Another possibility could be to use a heat exchanger to capture the heat generated during compression and use it to power other processes or systems. This would not directly recover the energy from the compressed hydrogen, but it could still be a useful way to maximize the energy potential of compressed hydrogen.

Overall, it is clear that there is potential for recovering additional energy from compressed hydrogen, and further research and development in this area could lead to even more efficient and competitive hydrogen fuel systems. Thank you for bringing attention to this important aspect of hydrogen energy.

## 1. What is the process of recovering pressure-volume energy from compressed hydrogen?

The process of recovering pressure-volume energy from compressed hydrogen involves using a hydrogen fuel cell to convert the chemical energy of the compressed hydrogen gas into electrical energy. This process is known as electrochemical conversion and it involves the use of an anode, cathode, and electrolyte to produce electricity.

## 2. How efficient is the process of recovering pressure-volume energy from compressed hydrogen?

The efficiency of this process varies depending on the type of fuel cell used and the conditions in which it operates. On average, hydrogen fuel cells have a conversion efficiency of 40-60%, making them one of the most efficient methods for converting chemical energy into electricity.

## 3. Can the recovered pressure-volume energy from compressed hydrogen be stored for later use?

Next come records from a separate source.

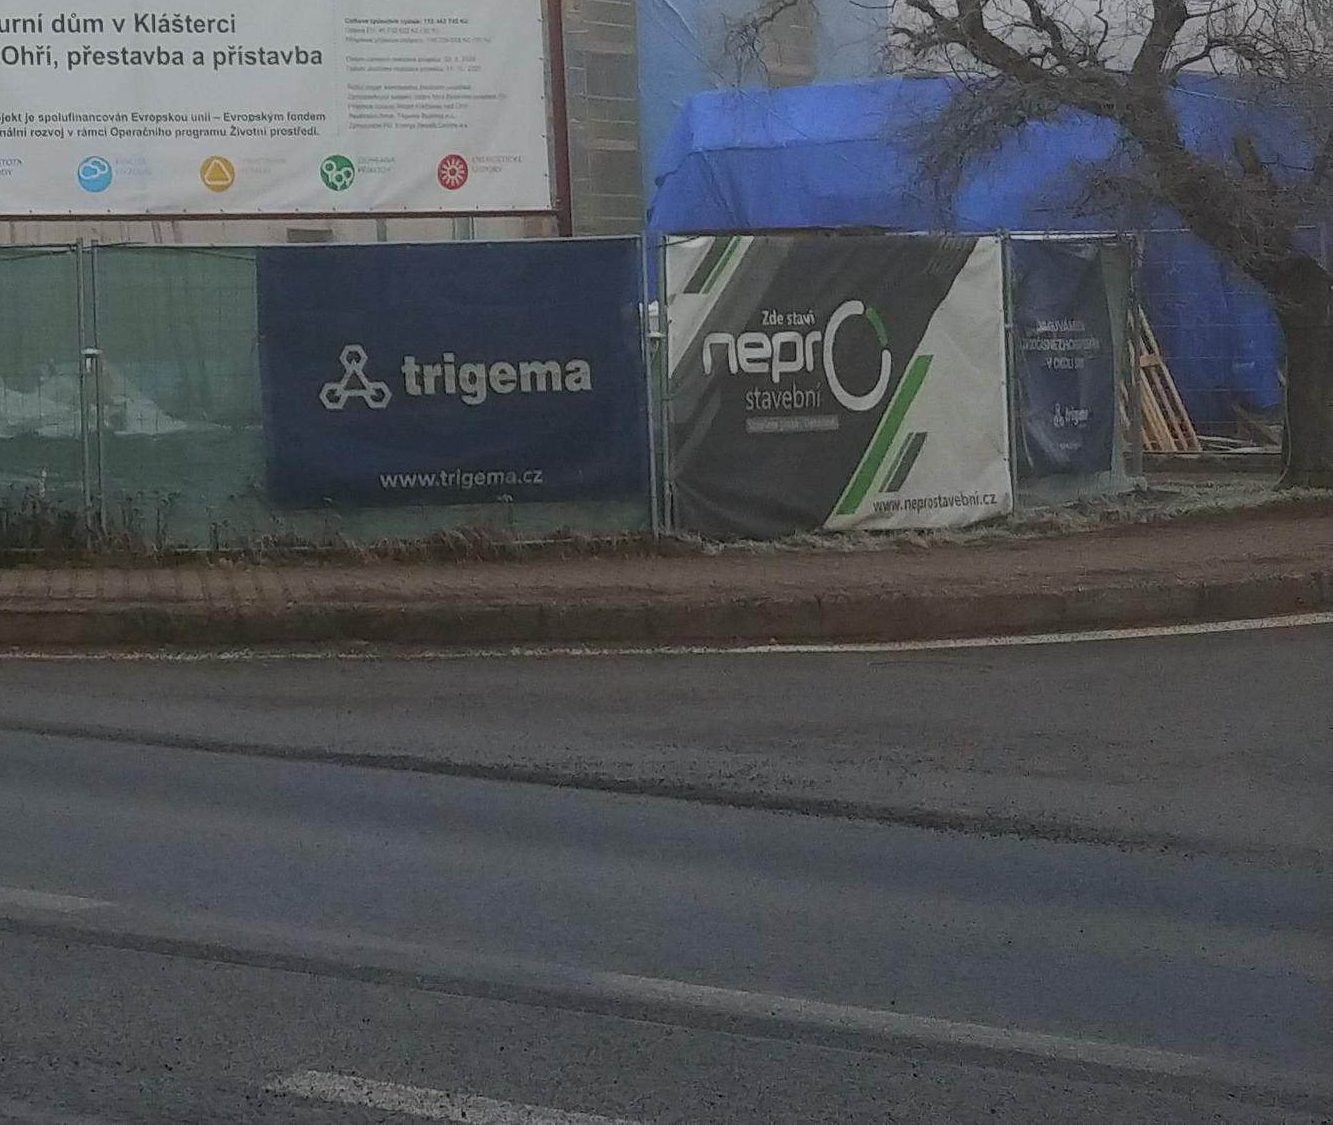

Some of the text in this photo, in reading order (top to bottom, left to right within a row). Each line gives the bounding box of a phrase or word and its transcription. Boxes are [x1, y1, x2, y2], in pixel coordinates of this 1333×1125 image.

[51, 13, 104, 33] dům
[112, 18, 125, 33] v
[133, 13, 236, 33] Klášterci
[1, 45, 59, 69] Ohří,
[67, 45, 184, 71] přestavba
[192, 50, 205, 66] a
[212, 45, 323, 71] přístavba
[25, 112, 34, 125] je
[38, 112, 129, 125] spolufinancován
[131, 111, 187, 124] Evropskou
[287, 111, 326, 122] fondem
[30, 127, 64, 139] rozvoj
[67, 129, 74, 137] v
[175, 128, 227, 139] programu
[762, 310, 783, 325] Zde
[402, 352, 592, 406] trigema
[745, 382, 821, 411] stavební
[379, 468, 544, 489] www.trigema.cz
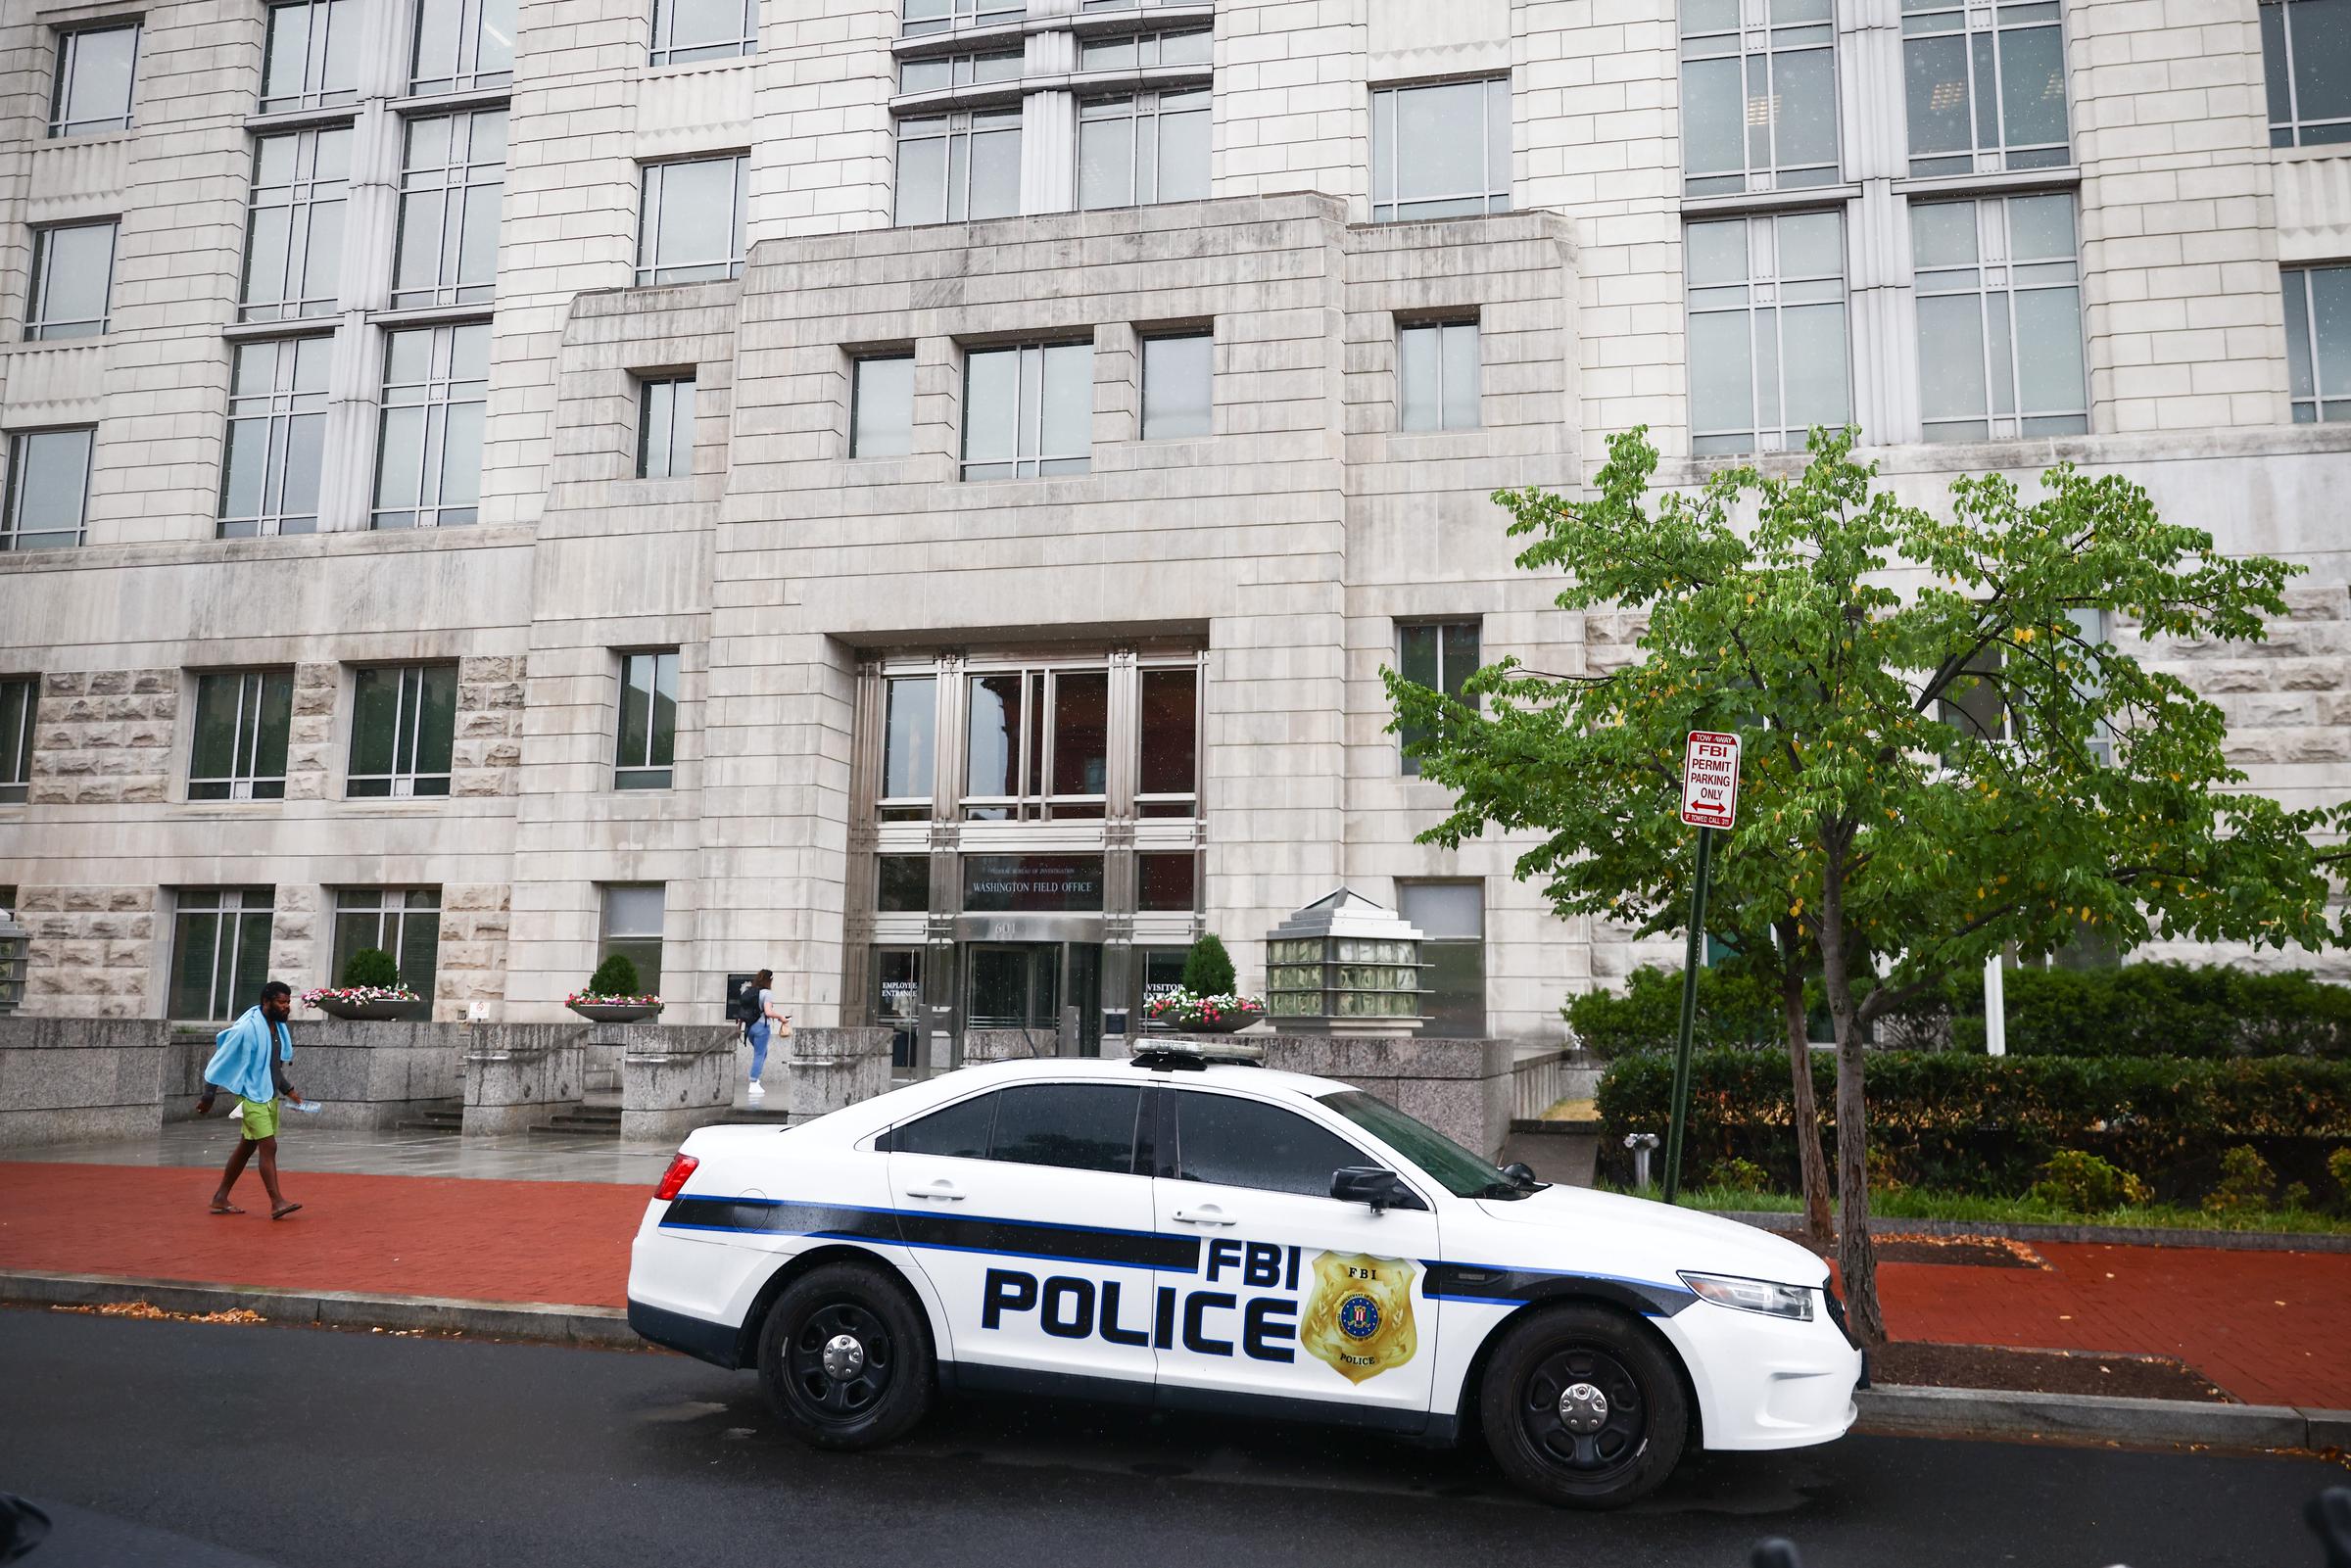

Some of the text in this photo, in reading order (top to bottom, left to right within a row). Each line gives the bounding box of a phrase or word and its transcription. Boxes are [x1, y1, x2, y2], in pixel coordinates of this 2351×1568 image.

[1699, 745, 1727, 757] FBI
[1692, 758, 1732, 772] PERMIT
[1691, 773, 1731, 786] PARKING
[1701, 787, 1723, 800] ONLY
[973, 881, 1092, 893] WASHINGTON FIELD OFFICE
[995, 924, 1016, 933] 601
[1206, 1238, 1301, 1290] FBI
[1348, 1266, 1377, 1280] FBI
[982, 1267, 1298, 1363] POLICE
[1340, 1353, 1375, 1365] POLICE
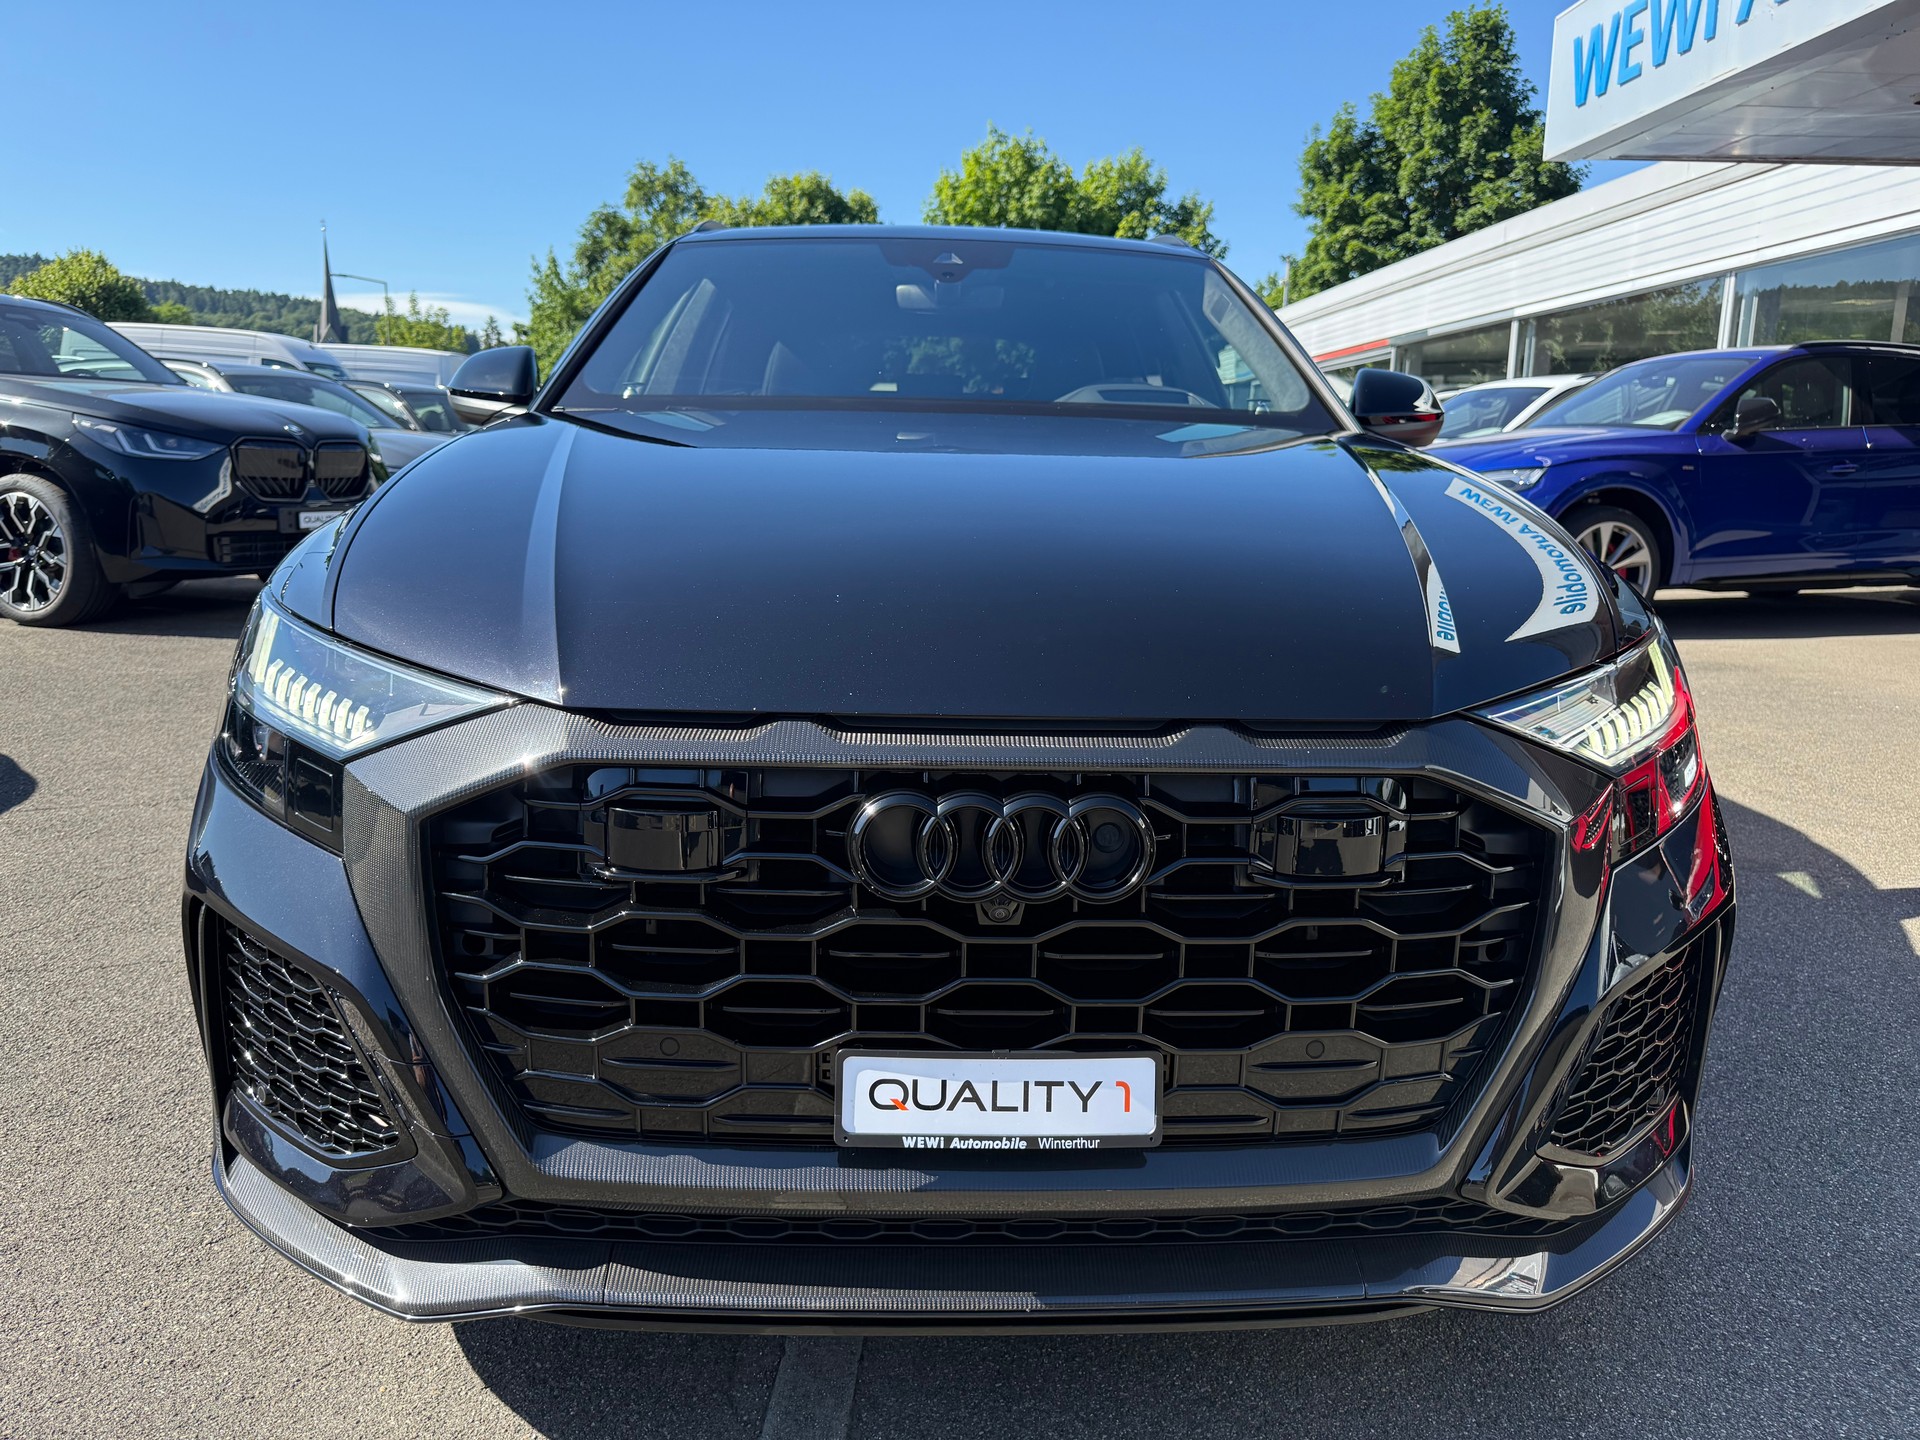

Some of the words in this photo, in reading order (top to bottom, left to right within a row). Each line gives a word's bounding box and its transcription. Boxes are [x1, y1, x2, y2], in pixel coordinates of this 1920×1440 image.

Yes, the electrical energy produced from the pressure-volume energy of compressed hydrogen can be stored in batteries or capacitors for later use. This allows for the energy to be used when needed, rather than immediately.

## 4. What are the benefits of recovering pressure-volume energy from compressed hydrogen?

There are several benefits to recovering pressure-volume energy from compressed hydrogen, including its high efficiency, low emissions, and potential for renewable energy sources. Hydrogen fuel cells also have a longer lifespan compared to traditional batteries, making them a more sustainable energy option.

## 5. What are the limitations of recovering pressure-volume energy from compressed hydrogen?

One of the main limitations of this process is the current high cost of producing and storing compressed hydrogen. Additionally, the infrastructure for hydrogen fuel cells is still limited, making it difficult to implement on a large scale. However, with advancements in technology and infrastructure, these limitations are expected to decrease in the future.